Figure 6 Spinal involvement of TLR4 and RAGE and glial cells during mechanical allodynia induced by paclitaxel or HMGB1. Mechanical allodynia induced after 15 days the end of paclitaxel (PCT) treatment (21st day) or three hours after rHMGB1 i.t. injection was reversed by microglia minocycline (A, C) and fluorocitrate (B, D) inhibitors, respectively. Furthermore, after 21 days of finishing treatment with PCT, spinal Iba1 (E) and GFAP (F) levels were evaluated in mice pretreated with TLR4 and RAGE antagonists LPS-RS or FPS-ZM1, respectively. Data are expressed as the mean ± SEM of 4 per group animals for western blot assay and 6 animals per group for behavioral assay. In (A–D), *P < 0.05, **P < 0.01 and ***P < 0.001 indicate statistical difference compared to animals that received saline (Vehicle: VEH); #P < 0.05, ##P< 0.01 and ###P< 0.001 indicate statistical difference compared to PCT or rHMGB1 groups. Two-way ANOVA followed by the Bonferroni pos-hoc test. In (E, F), **P < 0.01 and ***P < 0.001 indicate statistical difference compared to animals that received saline (Vehicle, VEH); ##P < 0.01 and ###P < 0.001 indicate statistical difference compared to PCT. One way ANOVA followed Bonferroni post hoc test. BL, baseline latency.

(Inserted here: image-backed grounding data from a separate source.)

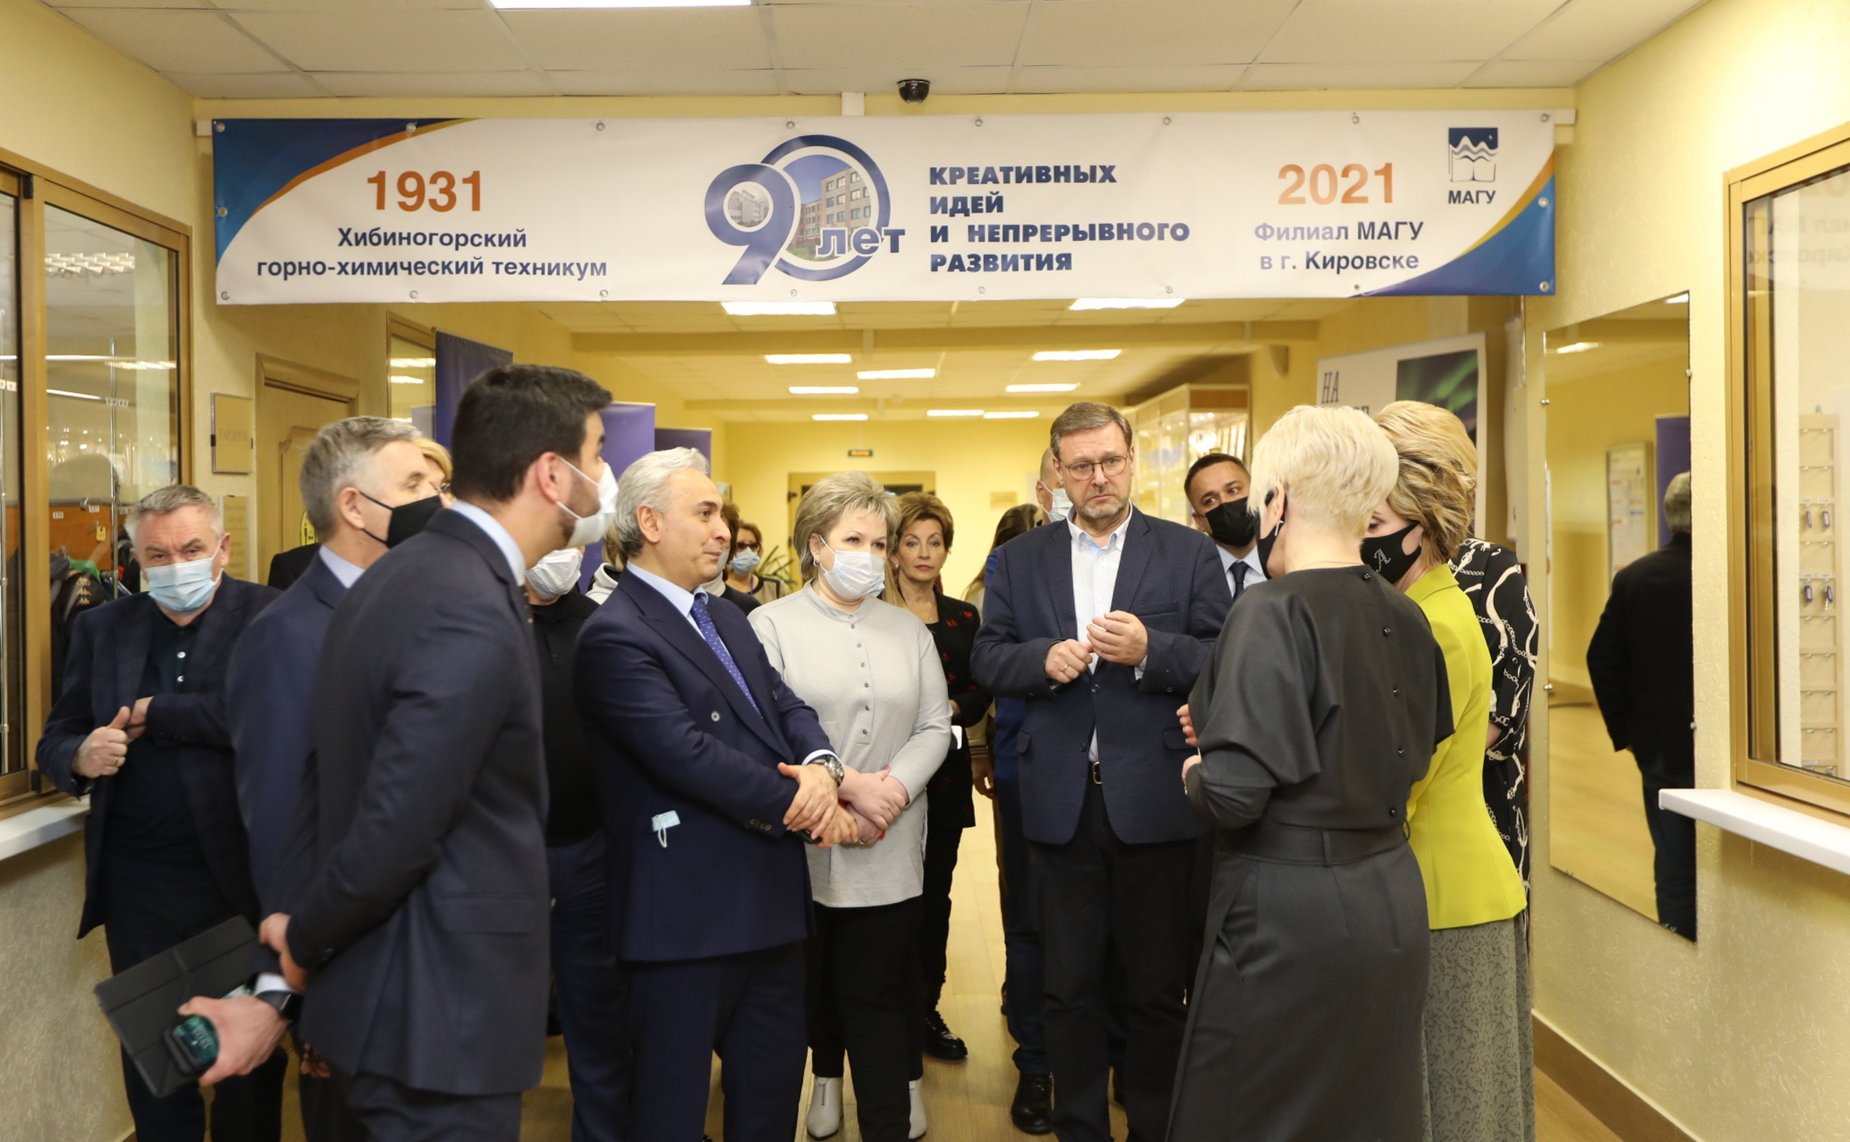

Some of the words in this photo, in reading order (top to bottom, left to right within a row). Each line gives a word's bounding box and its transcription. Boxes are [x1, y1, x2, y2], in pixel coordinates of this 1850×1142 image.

[929, 164, 1117, 186] КРЕАТИВНЫХ
[1279, 161, 1393, 205] 2021
[367, 170, 481, 213] 1931
[929, 190, 1005, 218] ИДЕЙ
[1447, 189, 1496, 205] МАГУ
[336, 226, 527, 251] Хибиногорский
[815, 227, 906, 257] лет
[929, 224, 949, 244] И
[967, 222, 1190, 244] НЕПРЕРЫВНОГО
[1255, 221, 1348, 241] Филиал
[1357, 221, 1425, 240] МАГУ
[257, 254, 484, 281] горно-химический
[491, 260, 607, 281] техникум
[930, 252, 1073, 273] РАЗВИТИЯ
[1260, 256, 1273, 270] в
[1281, 255, 1297, 271] г.
[1306, 251, 1418, 274] Кировске
[1322, 371, 1340, 403] НА
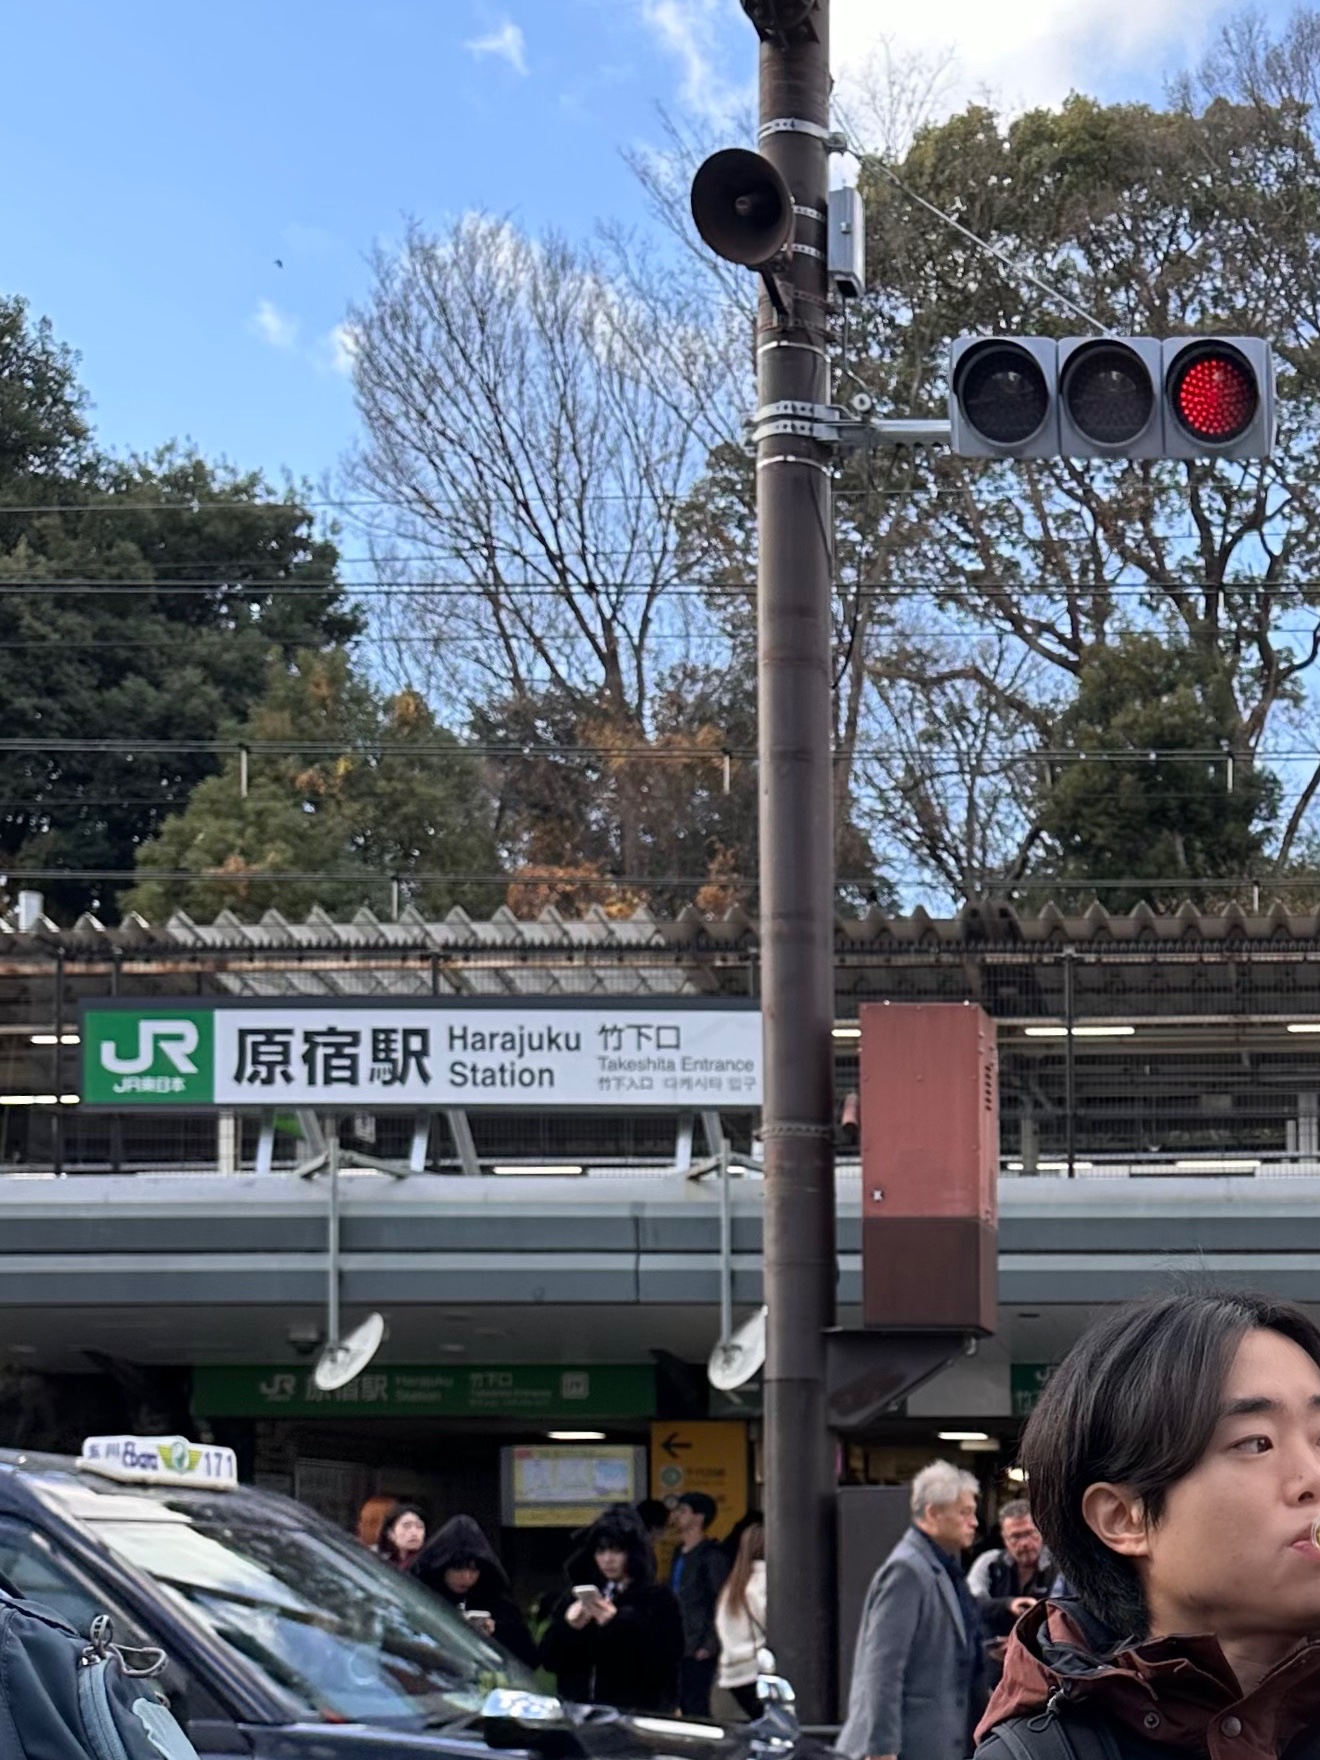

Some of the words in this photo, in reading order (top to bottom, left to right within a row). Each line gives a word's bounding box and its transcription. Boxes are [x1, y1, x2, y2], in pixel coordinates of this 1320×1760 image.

When evaluated HMGB1-induced nociception, minocycline (10 μg) pretreatment significantly reduced (P <0.001; F3,20 = 11.21) mechanical allodynia compared to paclitaxel group, and this effect lasted for 5 hours (Figure 6C). Similar result was found in the 1st (P < 0.01; F3,20 = 6.73), 3rd and 5th (P < 0.001; F3,20 = 6.73) hour of fluorocitrate (300 pmol) pretreatment (Figure 6D).

Once glial involvement was found, its association with TLR4 and RAGE spinal levels was evaluated 21 days after PCT-induced neuropathic pain. Our results demonstrated reduced (P < 0.05) Iba1 spinal levels (a microglia marker) in LPS-RS- and FPS-ZM1-pretreated mice (Figure 6E). Regarding astrocytes, no significant difference (P > 0.05) was found in GFAP protein levels (Figure 6F).

3.6 Spinal p38 MAPK and NF-kB pathways are involved with HMGB1 and PCT-induced nociception

Several studies have shown the involvement of the intracellular signaling cascade p38 MAPK/NF-kB after glial cells activation, mainly microglia (25, 26). In this context, specific inhibitors of this pathway (SML0543 and PDTC) were used to evaluate its involvement in PCT-induced neuropathic pain. At 3 pmol, SML0543 reduced (P < 0.001; f3,20 = 14.33) mechanical allodynia from 1h to 5h after injection (Figure 7A). A similar effect (P < 0.001; F3,20 = 4.12) was found 1h to 7h after PDTC (60 µg/5 µL) injection (Figure 7B).

Figure 7

Figure 7 Spinal involvement of p38 MAPK and NF-kB pathway during mechanical allodynia induced by paclitaxel or HMGB1. Mechanical allodynia induced after 15 days the end of paclitaxel (PCT) treatment (21st day) or three hours after rHMGB1 i.t. injection was reversed by specific p38 (A, C) and NF-kB (B, D) inhibitors, respectively. Data are expressed as the mean ± SEM of 4-6 animals per group. In (A–D), *P < 0.05, **P < 0.01 and ***P < 0.001 indicate statistical difference compared to animals that received saline (Vehicle, VEH); #P < 0.05, ##P< 0.01 and ###P < 0.001 indicate statistical difference compared to PCT or rHMGB1 groups. Two-way ANOVA followed by the Bonferroni pos-hoc test. BL, baseline latency.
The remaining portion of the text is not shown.